Psoriasis is a chronic inflammation of the skin, affecting approx. 120 million people worldwide. The risk of developing skin cancer in psoriatic patients has been stressed, although with a significant amount of conflicting data in the literature. The most consistent findings suggest that psoriatic patients are at an increased risk of non-melanoma skin cancer. An increased risk of melanoma has not been well established. Herein, we report the case of a patient with a history of pustular psoriasis present since the age of ten, who developed an SCC and a melanoma, and discuss the etiopathology of this association.

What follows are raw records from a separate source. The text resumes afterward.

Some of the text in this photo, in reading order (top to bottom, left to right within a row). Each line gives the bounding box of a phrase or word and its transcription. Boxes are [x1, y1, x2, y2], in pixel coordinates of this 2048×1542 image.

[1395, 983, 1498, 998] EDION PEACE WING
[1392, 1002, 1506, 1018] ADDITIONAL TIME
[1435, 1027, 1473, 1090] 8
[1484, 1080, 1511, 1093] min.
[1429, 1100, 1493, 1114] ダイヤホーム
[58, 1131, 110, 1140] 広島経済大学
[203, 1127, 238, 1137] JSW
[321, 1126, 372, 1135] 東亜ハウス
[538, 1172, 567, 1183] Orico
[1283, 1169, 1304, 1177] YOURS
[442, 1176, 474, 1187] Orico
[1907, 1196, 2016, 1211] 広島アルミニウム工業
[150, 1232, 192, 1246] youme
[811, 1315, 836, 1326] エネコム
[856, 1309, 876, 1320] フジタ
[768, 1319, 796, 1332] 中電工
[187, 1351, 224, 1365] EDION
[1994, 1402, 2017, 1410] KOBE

Key words: Psoriasis; Melanoma; Squamous Cell carcinoma; Inflammation


Psoriasis is a chronic inflammation of the skin, affecting approx. 120 million people worldwide. The association between psoriasis and a substantial increase in the risk of systemic and skin cancers has been debated increasingly often. The association between squamous cell carcinoma (SCC) and psoriasis is well established. Several cases of melanoma in psoriatic patients, however, have been reported in the literature. Herein, we report the case of a psoriatic patient who developed an SCC and a melanoma in the same area.

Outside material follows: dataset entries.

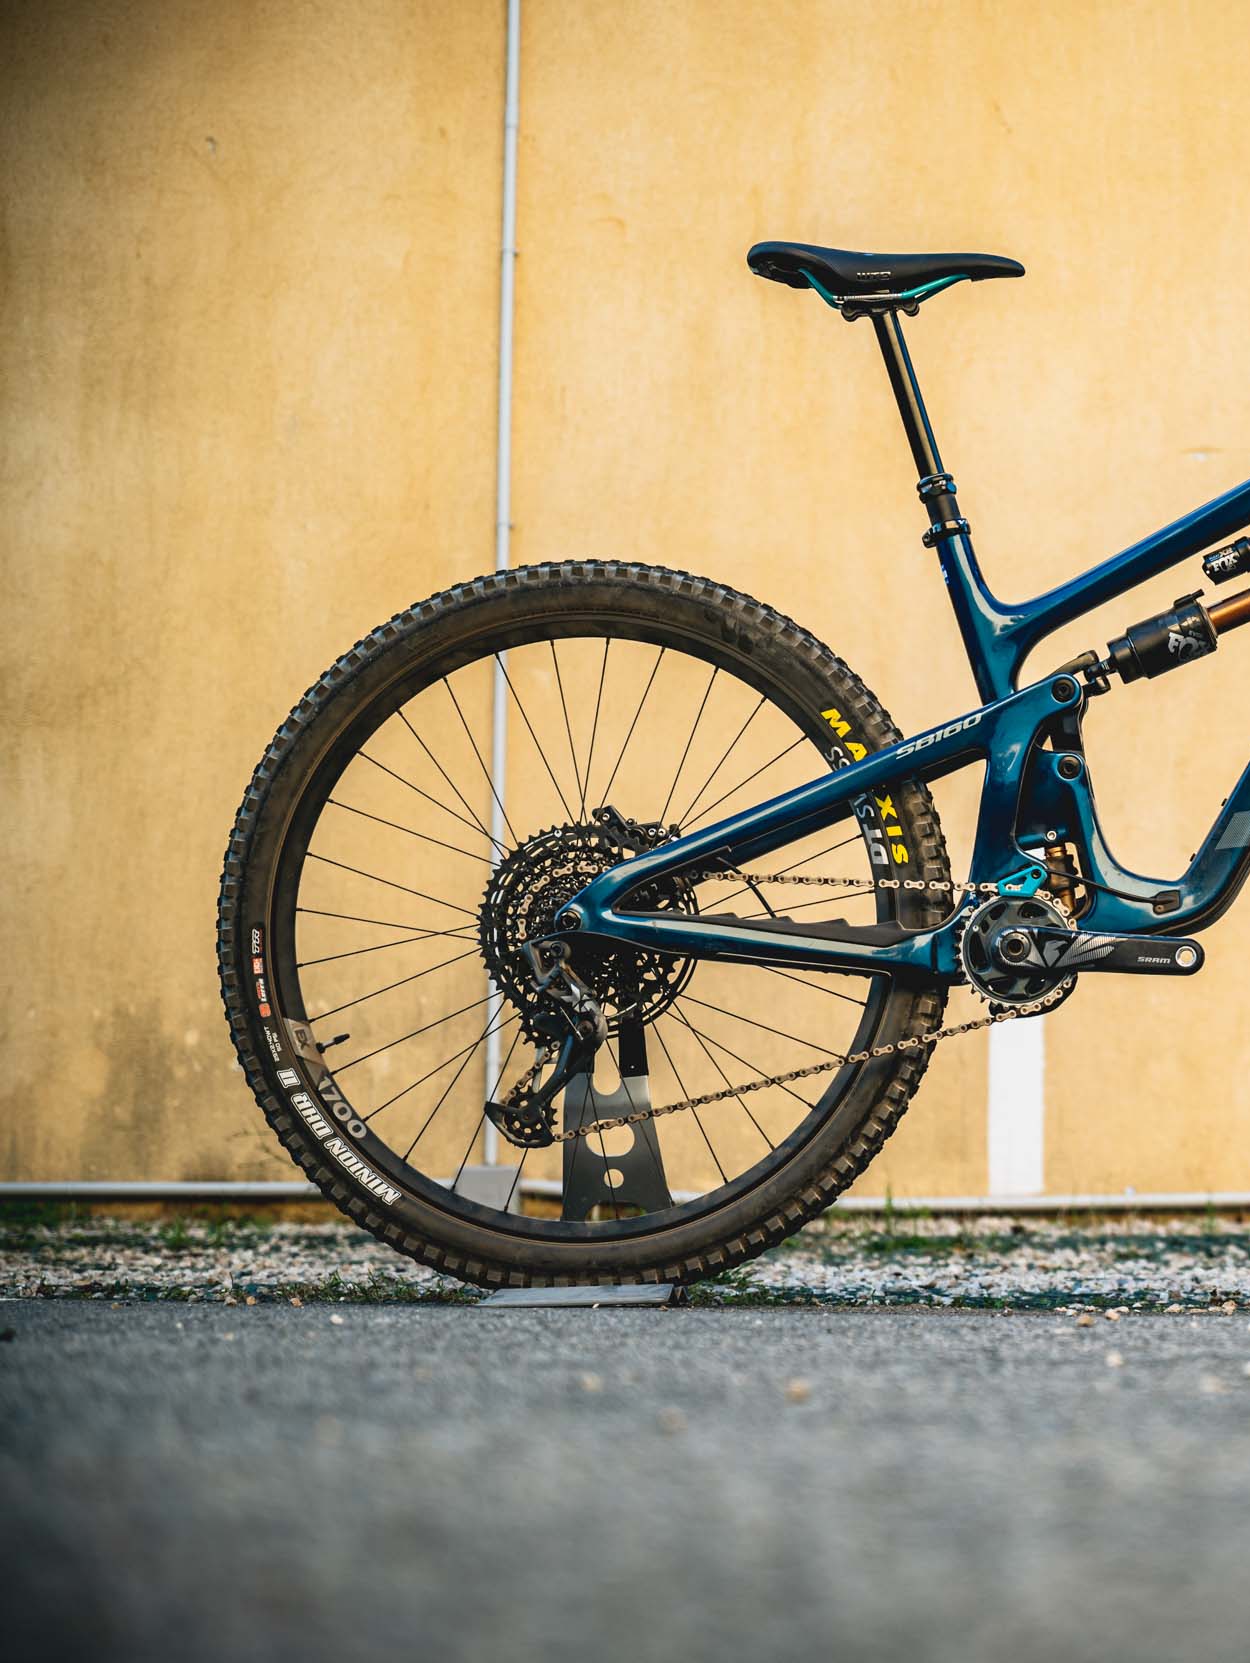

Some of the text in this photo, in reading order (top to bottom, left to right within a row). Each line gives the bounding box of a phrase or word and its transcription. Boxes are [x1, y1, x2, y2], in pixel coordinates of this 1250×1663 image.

[895, 712, 983, 760] SB160
[820, 707, 909, 864] MAXIS
[863, 823, 889, 865] DT
[1136, 956, 1171, 965] SRAM
[293, 1027, 311, 1052] EX
[315, 1073, 368, 1140] 1700
[276, 1067, 402, 1206] MINION DHR II
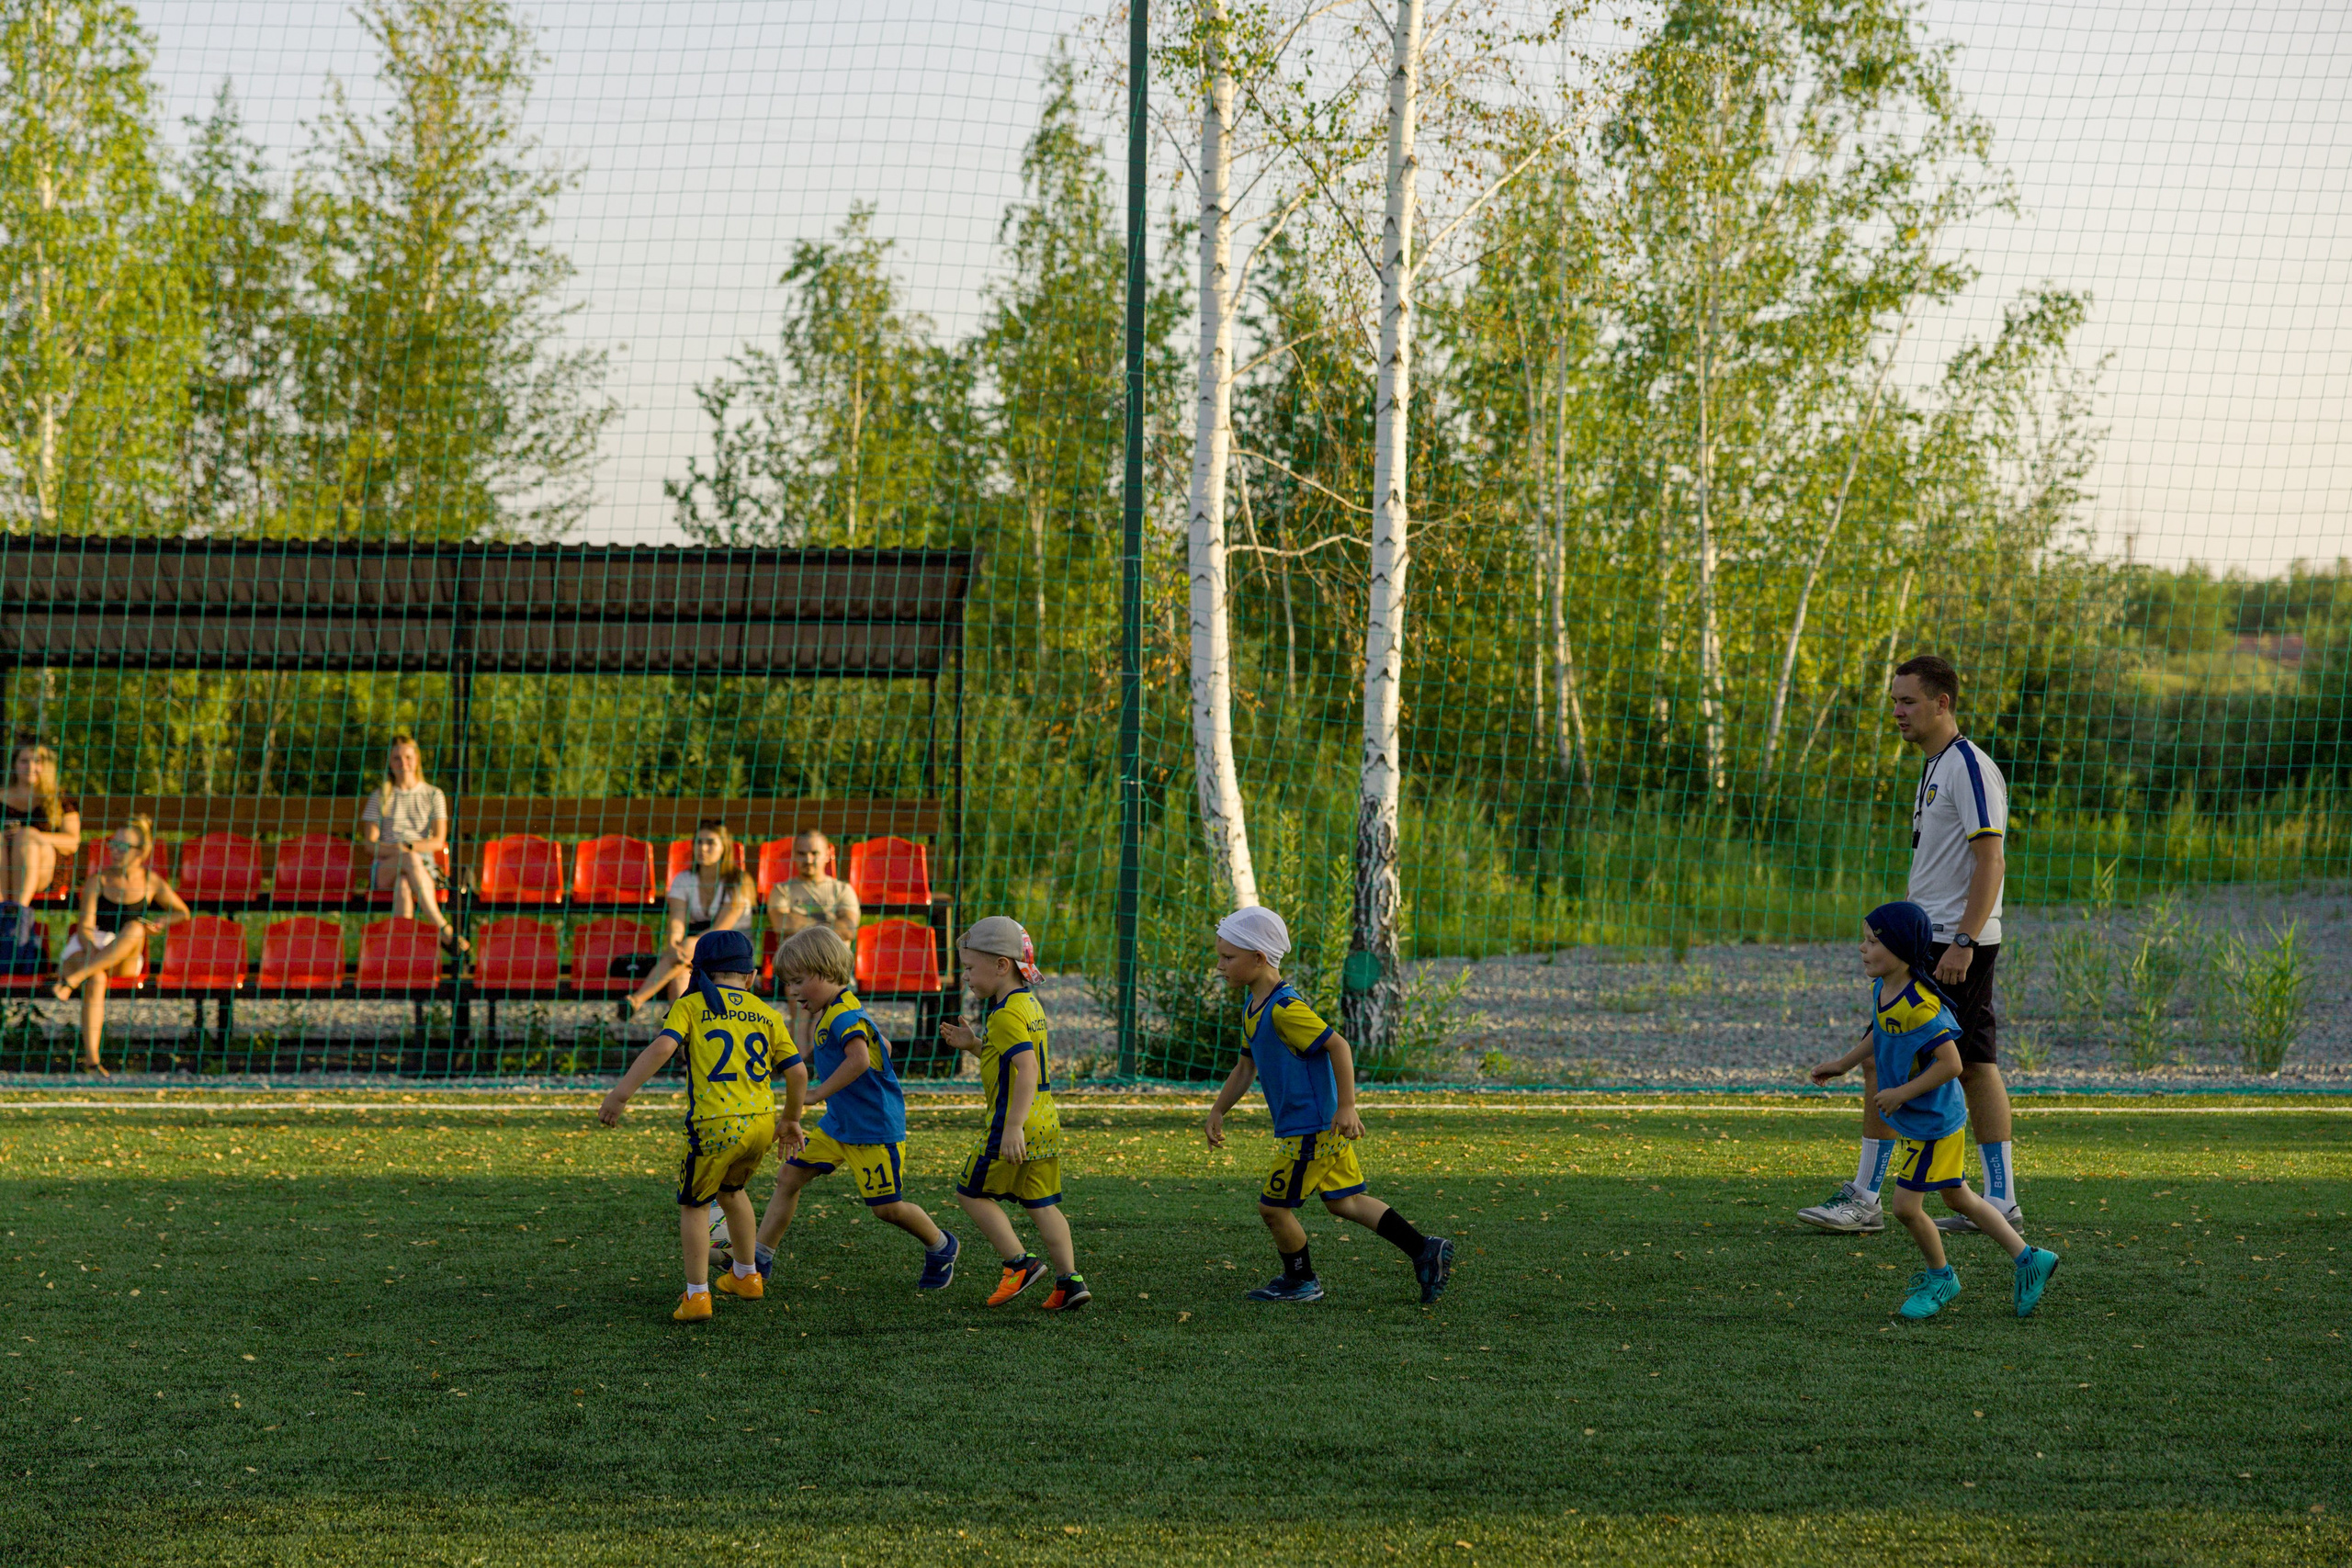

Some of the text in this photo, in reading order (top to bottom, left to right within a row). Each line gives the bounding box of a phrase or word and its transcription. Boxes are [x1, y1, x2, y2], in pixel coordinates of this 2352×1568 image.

[704, 1029, 770, 1083] 28
[1037, 1039, 1050, 1092] 1
[1875, 1149, 1891, 1183] Bench.
[1902, 1146, 1919, 1171] 7
[1990, 1154, 2003, 1189] Bench.
[862, 1162, 892, 1190] 21
[1270, 1169, 1285, 1192] 6

A fifty-year-old male with skin phototype IV was admitted to our department in December 2016 with a bleeding tumor on the right leg. The patient had a history of pustular psoriasis present since the age of ten. There was neither a history of intensive sun exposure nor a family history of skin cancers. The patient was treated for many years with acitretin and topical steroids. In 2010, the patient had extensive exacerbations requiring several hospitalizations. Acitretin was temporarily replaced with MTX, which was discontinued after two weeks due to anemia and digestive intolerance. Since then, the patient experienced severe involvement on the feet, legs, and arms. An examination revealed multiple erythematous plaques covered by yellowish scales on the upper and lower limbs. A bleeding and ulcerating plaque with everted edges and 6 × 5 cm in size was present on the anterior surface of the right leg (Fig. 1). The patient also had two irregular pigmented plaques on the inner side of the same leg 2 x 1.5 cm and 2 x 3 cm in size (Fig. 1). Skin biopsies of the lesions were performed, concluding to an invasive SCC (Fig. 2) and a superficial spreading melanoma corresponding to the pigmented plaques with a Breslow thickness of 1 mm and a mitotic rate of 1/mm²) (Fig. 3 and 4). A cervico-thoraco-abdominal CT scan revealed bilateral inguinal lymphadenopathy. The patient was referred to the surgical oncology department. Amputation of the leg was indicated, given the difficult healing of the pathological skin, but the patient refused to undergo this surgically invasive procedure.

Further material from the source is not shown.